Courage and conviction

[Image description: A tree with green leaves, standing by itself in a calm body of water, touching the water with a branch. It is surrounded by a snow-capped range of mountains in the background. Image by Robert Koorenny on Unsplash]

Hi everyone, this will be the last post for a while, as I’ll be taking July and August off from blogging and social media to focus on spending time with my family and possibly beginning writing a new book. I’ll be back on September 2nd with a new post. Funders, donors, boards, and others with positional power, please keep shenanigans to a minimum while I’m away.

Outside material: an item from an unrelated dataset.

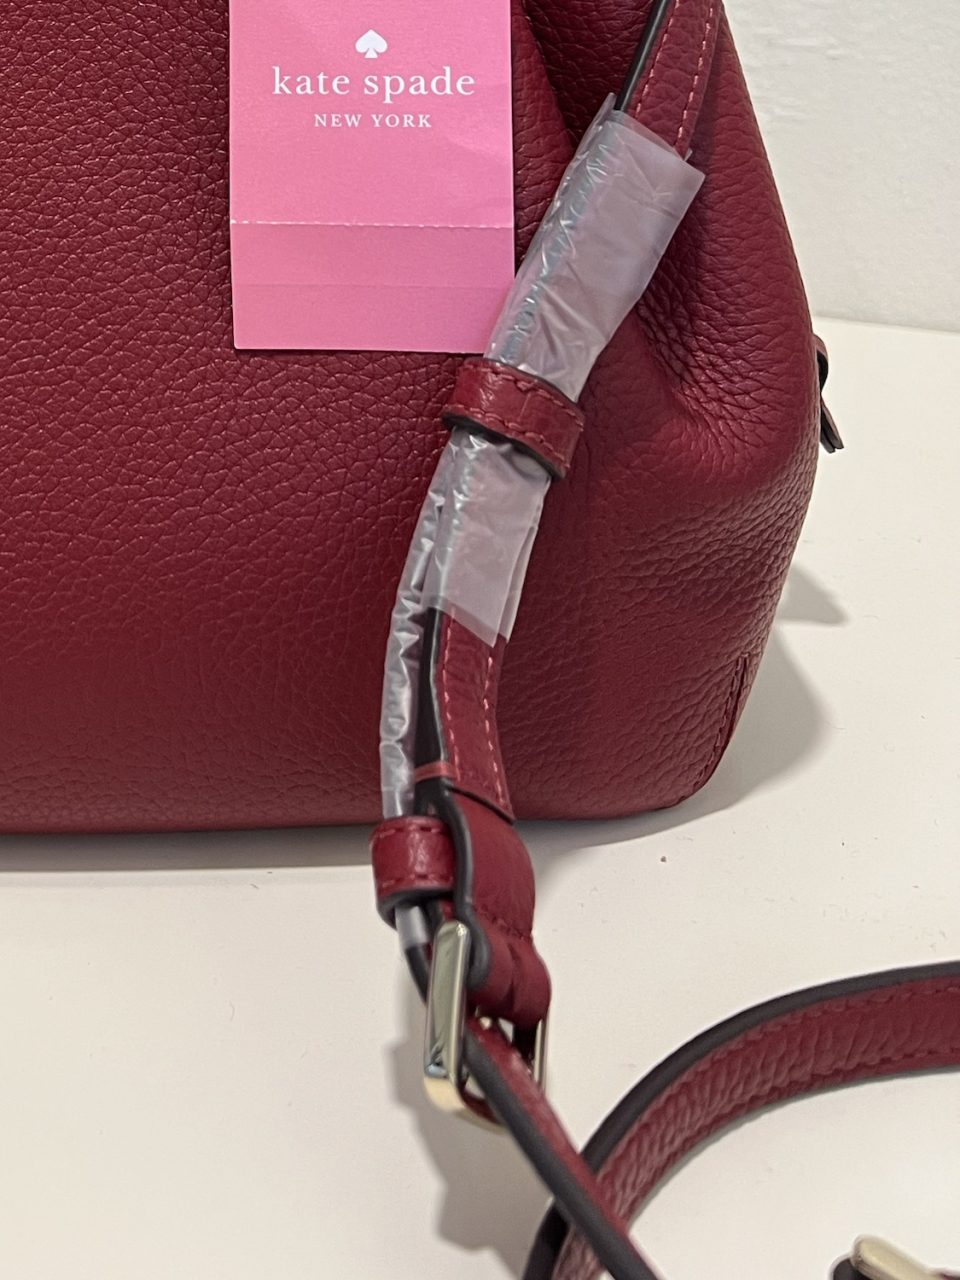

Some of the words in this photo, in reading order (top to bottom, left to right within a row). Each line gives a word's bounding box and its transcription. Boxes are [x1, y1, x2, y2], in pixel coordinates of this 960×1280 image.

[271, 66, 350, 96] kate
[363, 66, 476, 104] spade
[314, 113, 362, 128] NEW
[370, 113, 432, 128] YORK

Meanwhile, this week on Thursday June 27th at 10am Pacific Time, please join me and Common Future’s Co-CEO Jennifer Njuguna in a conversation where we discuss our sector’s propensity for fear and risk-aversion, especially in light of the pushback against DEI. It’s free, and auto-captions will be enabled. Register here.

As I enter this break, I just want to acknowledge that I am exhausted. I’ve never felt so tired and beaten down in my career. I know many of you can relate. We did not sign up for this work—the work of making the world better—thinking it would be easy. Many of us have been doing this for decades, and we’ve seen some horrendous things. But I don’t recall a time when things were this bad, when morale was this low, when the whole world is in crisis, and our efforts to stop the chaos and inequity and injustice feeling so futile.

But I don’t want to dwell too much on everything that has been awful. In these past few months, as the world seems to have gotten so much worse, I find comfort and strength in seeing the courage and conviction that so many people display, in our sector as well as in the world in general. The protests happening across the globe against g3nocide. The student encampments spreading across universities. People are putting their livelihoods, reputations, safety, and even their lives on the line to fight injustice and to create an equitable world.

Our sector, for all its weaknesses and frustrating inefficiencies, is filled with remarkable people who continue to do incredible things despite, or perhaps because of, everything being on fire. This year I’ve been privileged enough to travel around the country and world and have met so many colleagues who are engaged in creative and vital efforts to make our world better. The organizations providing housing and employment opportunities for women experiencing abuse and trauma. Artists using their crafts to call attention to the prison industrial complex, police violence, and other injustices. Organizers rallying people around voting and other vital issues. Intermediaries working in the background to support various causes.

Behind the constant weariness tinged with occasional despair people are feeling, there is often a strong, steely resolve. I’ve met colleagues who have lost funding for standing up for PaIestine. And they aren’t backing down. I have colleagues whose organizations are in the cross hairs of those who aim to make our world less just and inclusive; they’re facing lawsuits and public attacks for trying to advancing DEI. And they aren’t backing down.

I know it takes a lot of mental and physical energy to keep going, to continue fighting against overwhelming odds, to face injustices that only seem to be getting stronger. And yet so many of you are still going at it. Seeing you in the trenches, seeing your determination to continue forward in making the world better despite the countervailing current gives me strength and allows me to keep going too.

I hope you will take time also to rest and to recharge; we all need to be in this for the long run. The surges in violence and cruelty we’re seeing are signs that white supremacy, patriarchy, and other forces of injustice are crumbling. They won’t go without a fight. It’s going to take everything we’ve got. But in the end, equity and inclusiveness will win.

Because we will make sure it does. As I try to remind myself, the arc of the moral universe may bend toward justice, but it does not bend itself; it is people like us who bend it. As MLK said, “Human progress is neither automatic nor inevitable… Every step toward the goal of justice requires sacrifice, suffering, and struggle; the tireless exertions and passionate concern of dedicated individuals.”

Thank you for all you do, and for all you are. For all your sacrifice, suffering, struggle, doubt, and sleepless nights. For your tireless exertions and passionate concern. For your relentless determination and unwavering conviction that a better world is possible.